Friday, Jun. 27, 1969

Reform or Die

Following his unsuccessful bid for the presidential nomination last year, South Dakota's Senator George McGovern won praise from fellow Democrats by endorsing and campaigning for Hubert Humphrey. Since then, however, kudos has turned to condemnation, gratitude to distrust. Powerful Southern Democrats have accused McGovern of trying to "ram proportional representation" down their throats. Northern machine bosses have accused him of widening, rather than closing, the splits within Democratic ranks. Even such liberal stalwarts as Edward Kennedy and Edmund Muskie are keeping him at arm's length.

The reason for the sudden decline in popularity is McGovern's chairmanship of a special commission investigating--and finding--abuses in the selection of convention delegates. Born of the Chicago convention's tumult and disillusionment, the commission was set up by the party leadership as a sop to the liberals. McGovern was named chairman as a compromise between extreme dissidents and regulars. But his way of running the commission has turned out to be almost as divisive as the convention itself and the Viet Nam issue.

Political Laundry. The McGovern group has angered local party chieftains by its failure to follow protocol in notifying them when it was holding hearings in their states and by its determination to change undemocratic processes of delegate selection.

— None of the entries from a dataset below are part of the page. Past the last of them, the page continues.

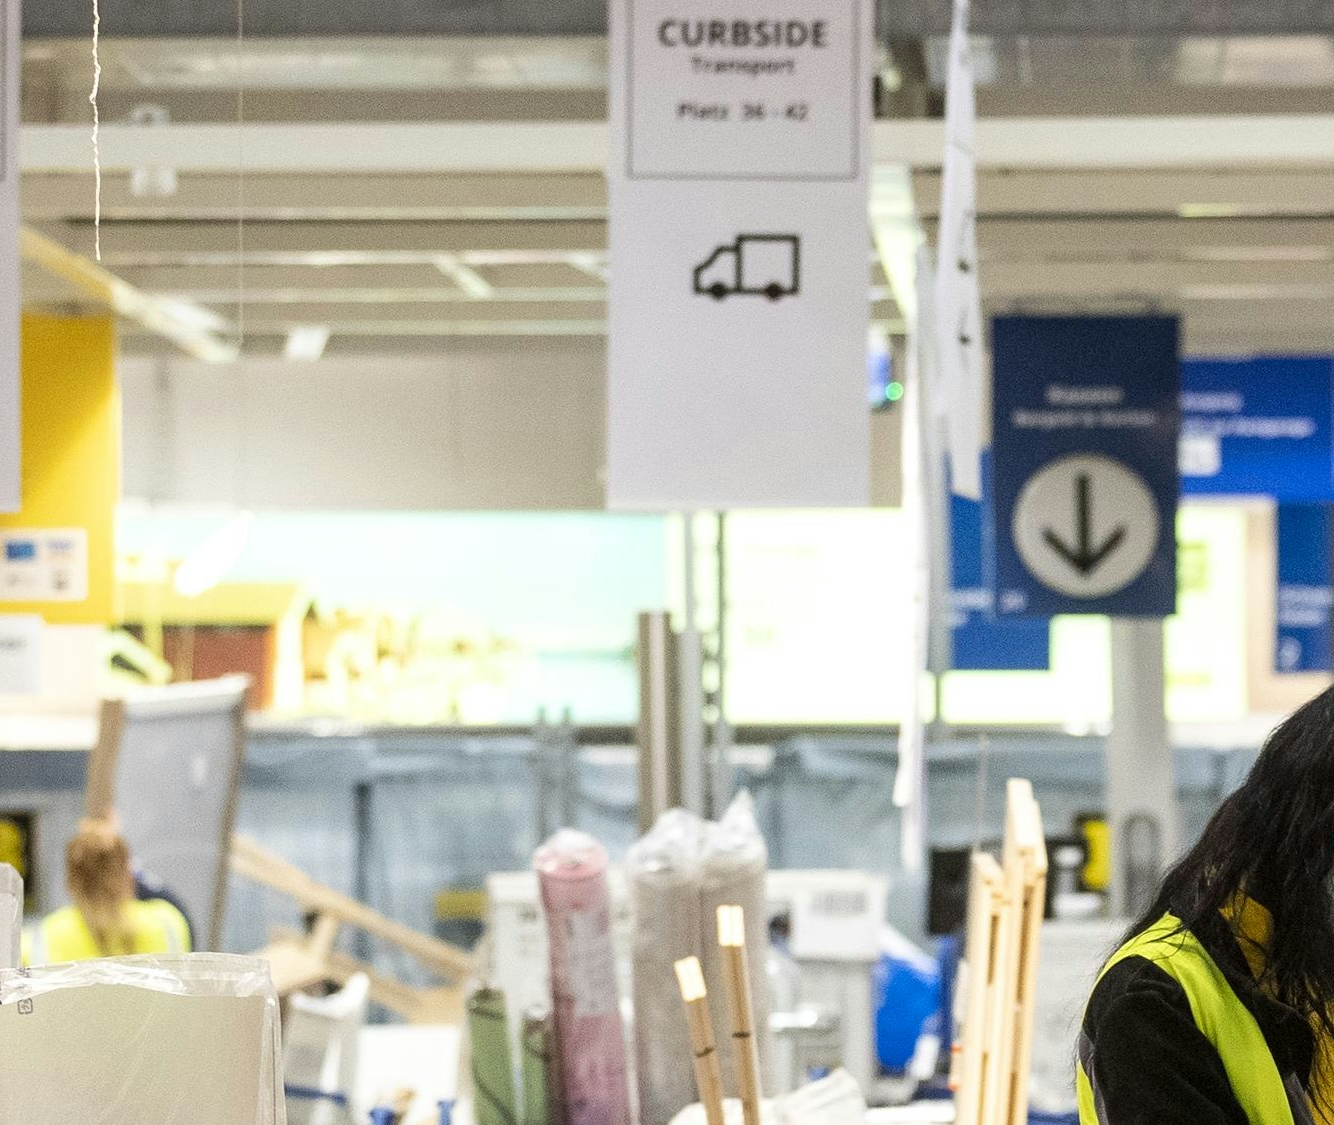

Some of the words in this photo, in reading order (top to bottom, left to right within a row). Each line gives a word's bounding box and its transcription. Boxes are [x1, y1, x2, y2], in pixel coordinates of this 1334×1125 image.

[657, 19, 828, 48] CURBSIDE
[691, 55, 795, 78] Transport
[676, 103, 729, 122] Platz
[742, 103, 765, 122] 36
[785, 103, 810, 122] 42
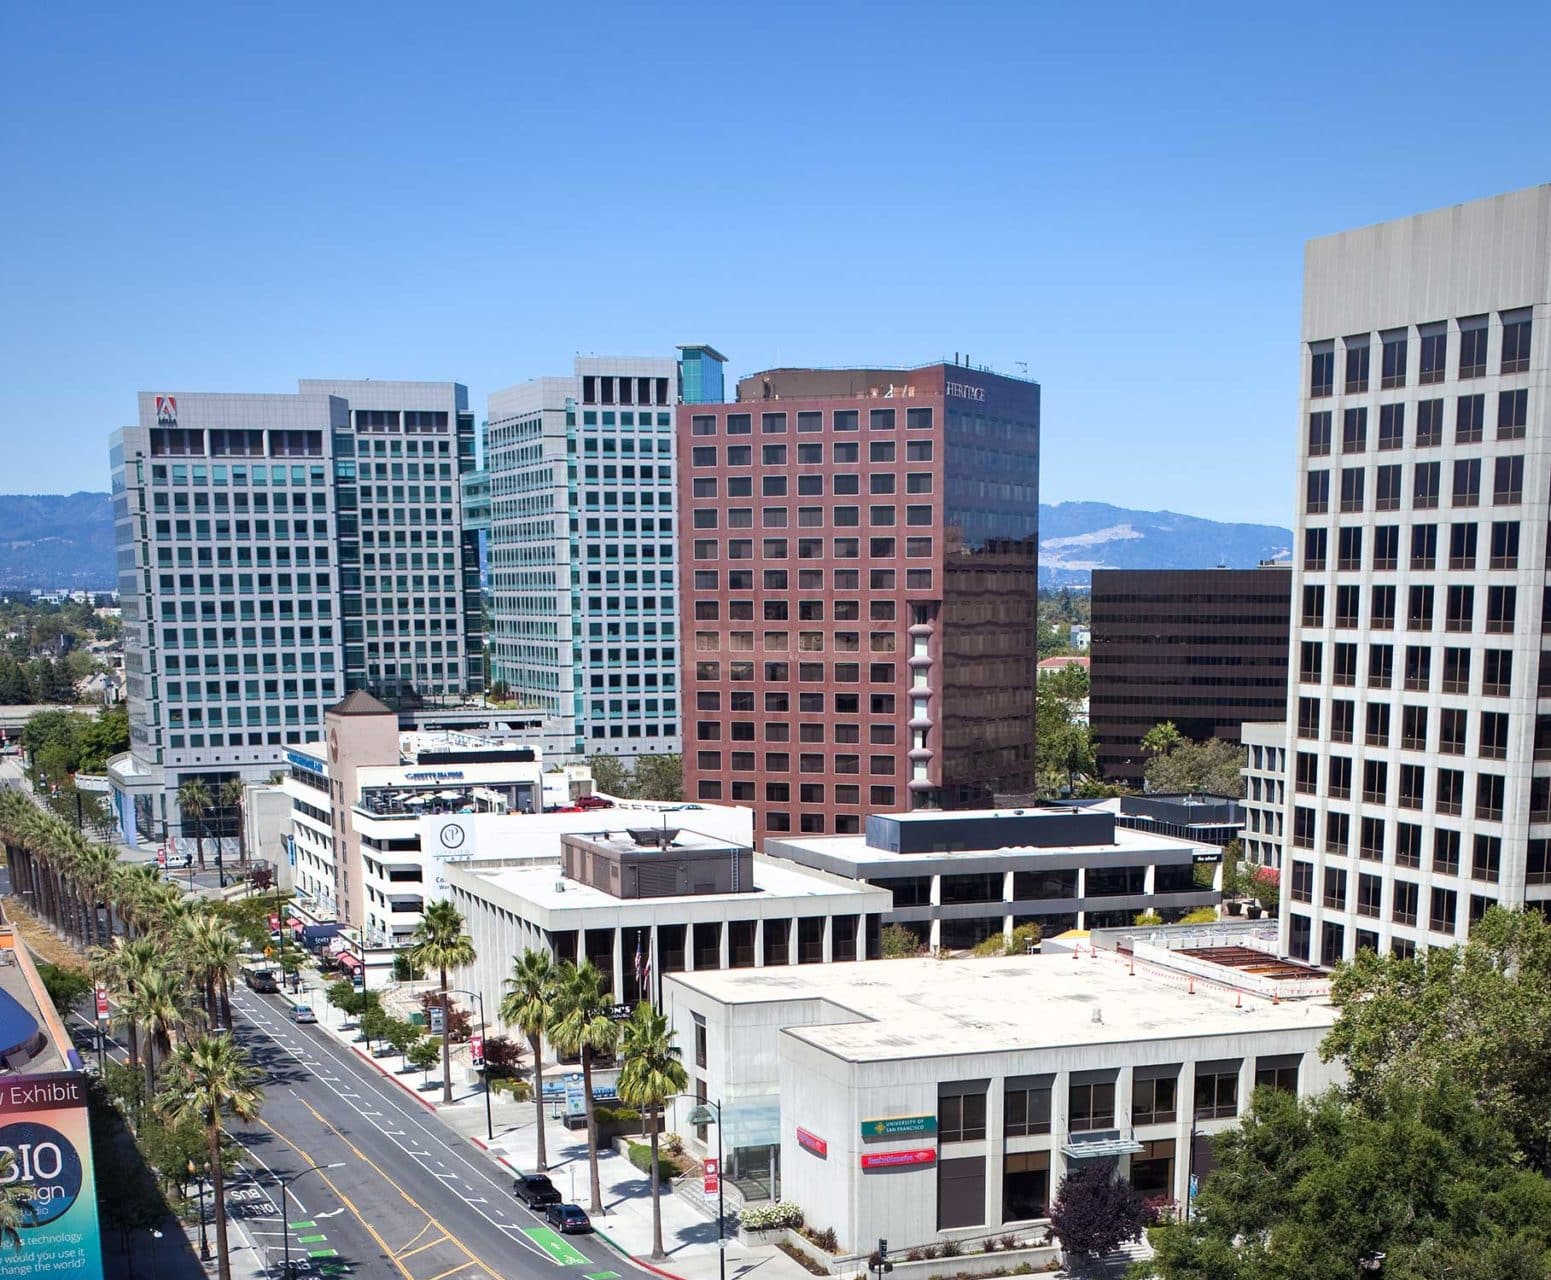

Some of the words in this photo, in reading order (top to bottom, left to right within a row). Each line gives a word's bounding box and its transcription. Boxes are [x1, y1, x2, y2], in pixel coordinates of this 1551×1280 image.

[946, 381, 986, 402] HERITAGE
[10, 1082, 79, 1104] Exhibit
[231, 1189, 262, 1200] BUS
[28, 1232, 83, 1246] technology.
[4, 1252, 34, 1263] would
[36, 1252, 55, 1263] you
[58, 1250, 76, 1258] use
[78, 1248, 85, 1257] it
[35, 1262, 51, 1272] the
[53, 1258, 86, 1270] world?

Texas' Governor Preston Smith, incensed when he learned from newspaper articles that McGovern was coming to Austin, fumed, "This is an absurd way of going about this." Democratic National Committeeman J. Marshall Brown of Louisiana was so infuriated at the commission's plans that he "ordered" McGovern to stay out of his state and sent Democratic National Chairman Fred Harris a letter suggesting that he resign. Humphrey himself wrote to tell Brown that his concern was shared by others.

Governor Lester Maddox and party officials of five Southern states boycotted last week's Atlanta hearings, leaving the group to talk only with dissidents who have used the hearing as a sort of political laundry to wash the party's dirty linen publicly.

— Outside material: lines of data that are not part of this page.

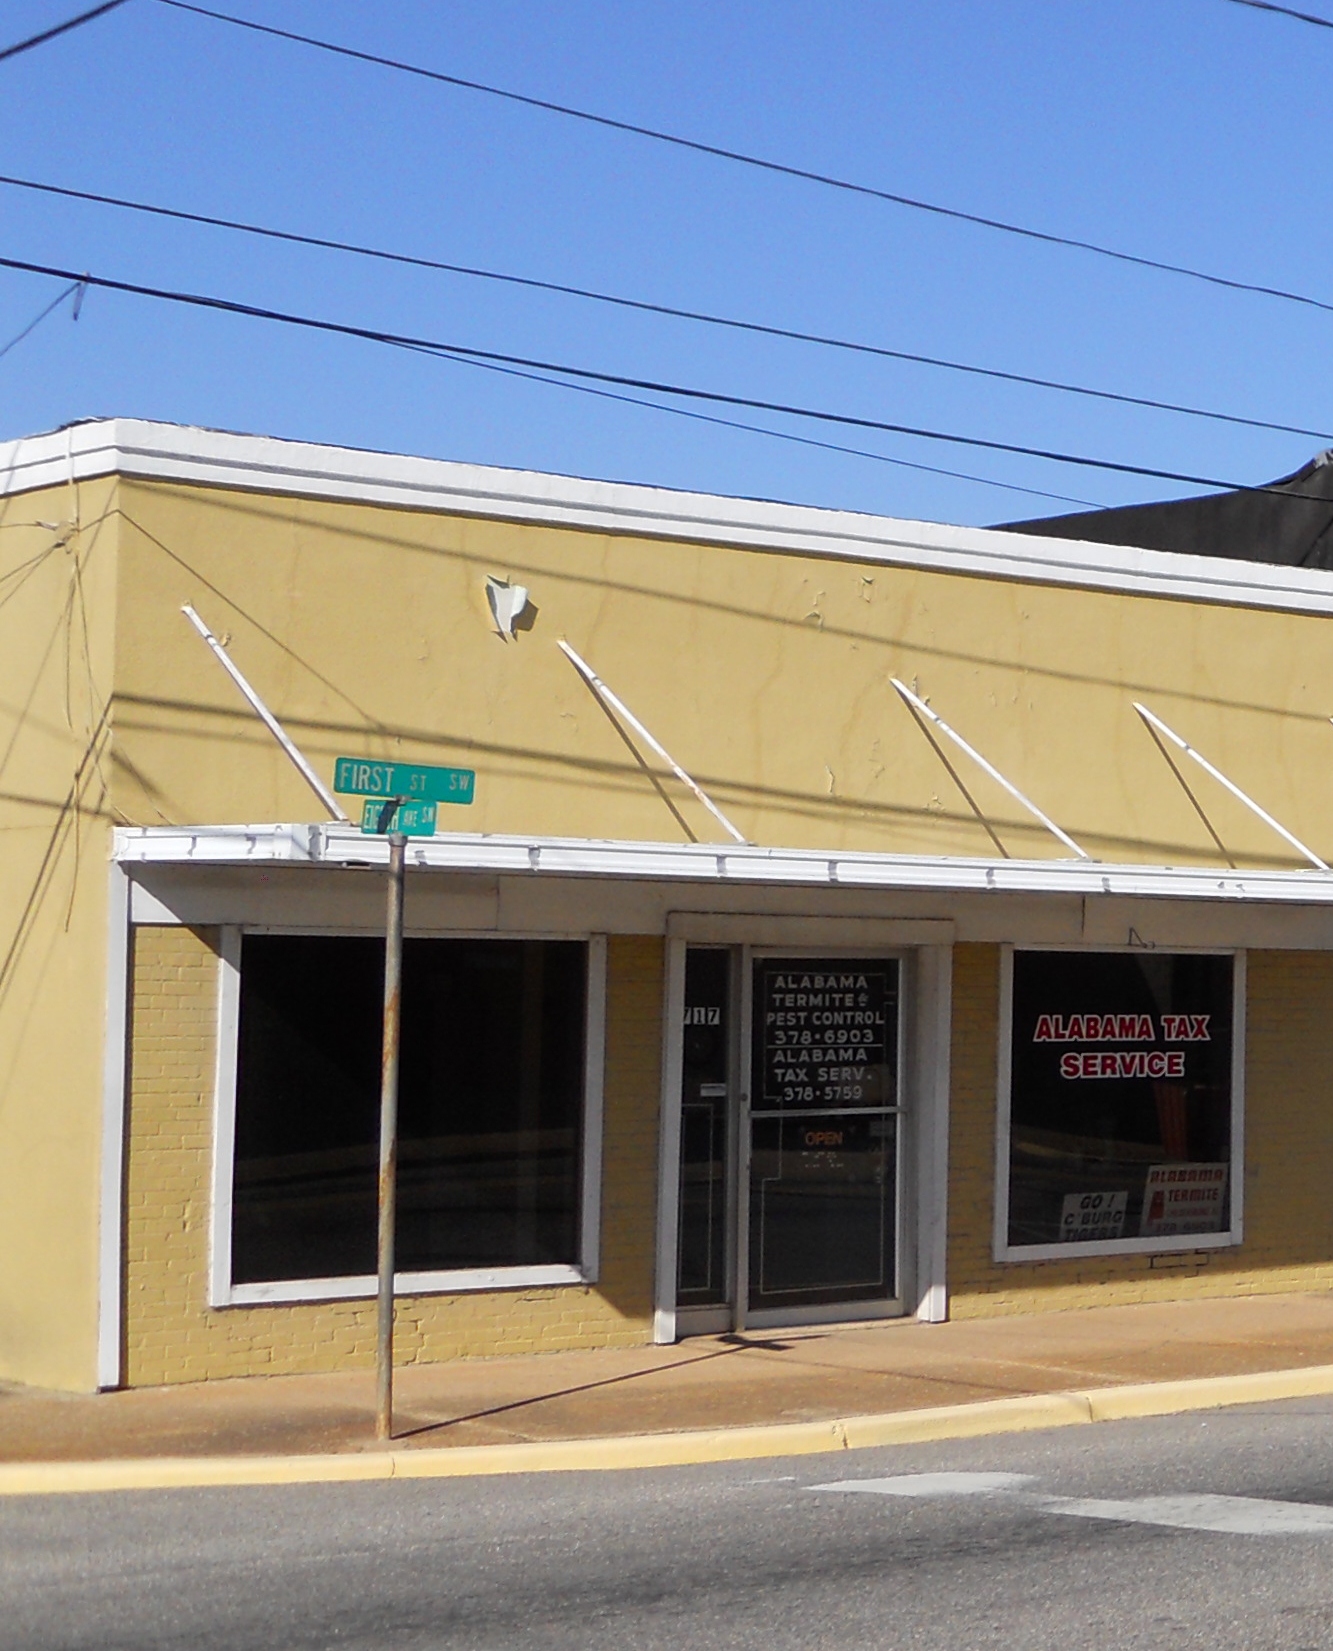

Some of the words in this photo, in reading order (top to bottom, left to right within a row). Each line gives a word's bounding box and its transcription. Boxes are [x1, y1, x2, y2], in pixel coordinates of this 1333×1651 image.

[340, 763, 394, 791] FIRST
[409, 773, 427, 790] ST
[449, 773, 471, 791] SW
[363, 804, 400, 830] EIGH
[403, 810, 418, 827] AVE
[422, 806, 435, 823] SW
[774, 974, 868, 990] ALABAMA
[772, 993, 854, 1007] TERMITE
[766, 1012, 808, 1026] PEST
[812, 1010, 885, 1026] CONTROL
[1033, 1014, 1155, 1042] ALABAMA
[1162, 1014, 1211, 1042] TAX
[772, 1048, 868, 1063] ALABAMA
[1060, 1052, 1185, 1079] SERVICE
[774, 1068, 809, 1083] TAX
[805, 1131, 844, 1147] OPEN
[1150, 1169, 1225, 1183] ALABAMA
[1080, 1195, 1103, 1210] GO
[1168, 1188, 1220, 1203] TERMITE

McGovern once considered resigning, but remained on the job because he believes that only a truly democratic party offers young activists "a hopeful alternative to going to the streets." He readily admits that the commission offended some leaders, but argues that the party's shortcomings are too important to ignore. His findings, though unsurprising, bear him out.

In Georgia, the governor and the state chairman pick convention delegates themselves. In Illinois, Chicago Mayor Richard Daley decides who shall be "elected" and how they shall vote. In other states, precinct caucuses are held without public notice. In Copiah, Miss., a fictitious name was placed on the delegate list.

Limited Confidence. To remedy these abuses, McGovern's commission will suggest popular election of delegates in states that hold primary elections and open-party caucuses in states that do not. Will he succeed? McGovern observes that when a "party faces the choice of reform or death, it usually chooses death," but insists that the Democrats will be different. Ninety percent of the states, he predicts, "will comply." Few share his confidence. The commission's report must be submitted to the 1972 convention for party approval, and many of the delegates, selected under the existing processes, are likely to feel a certain reverence for the system that chose them.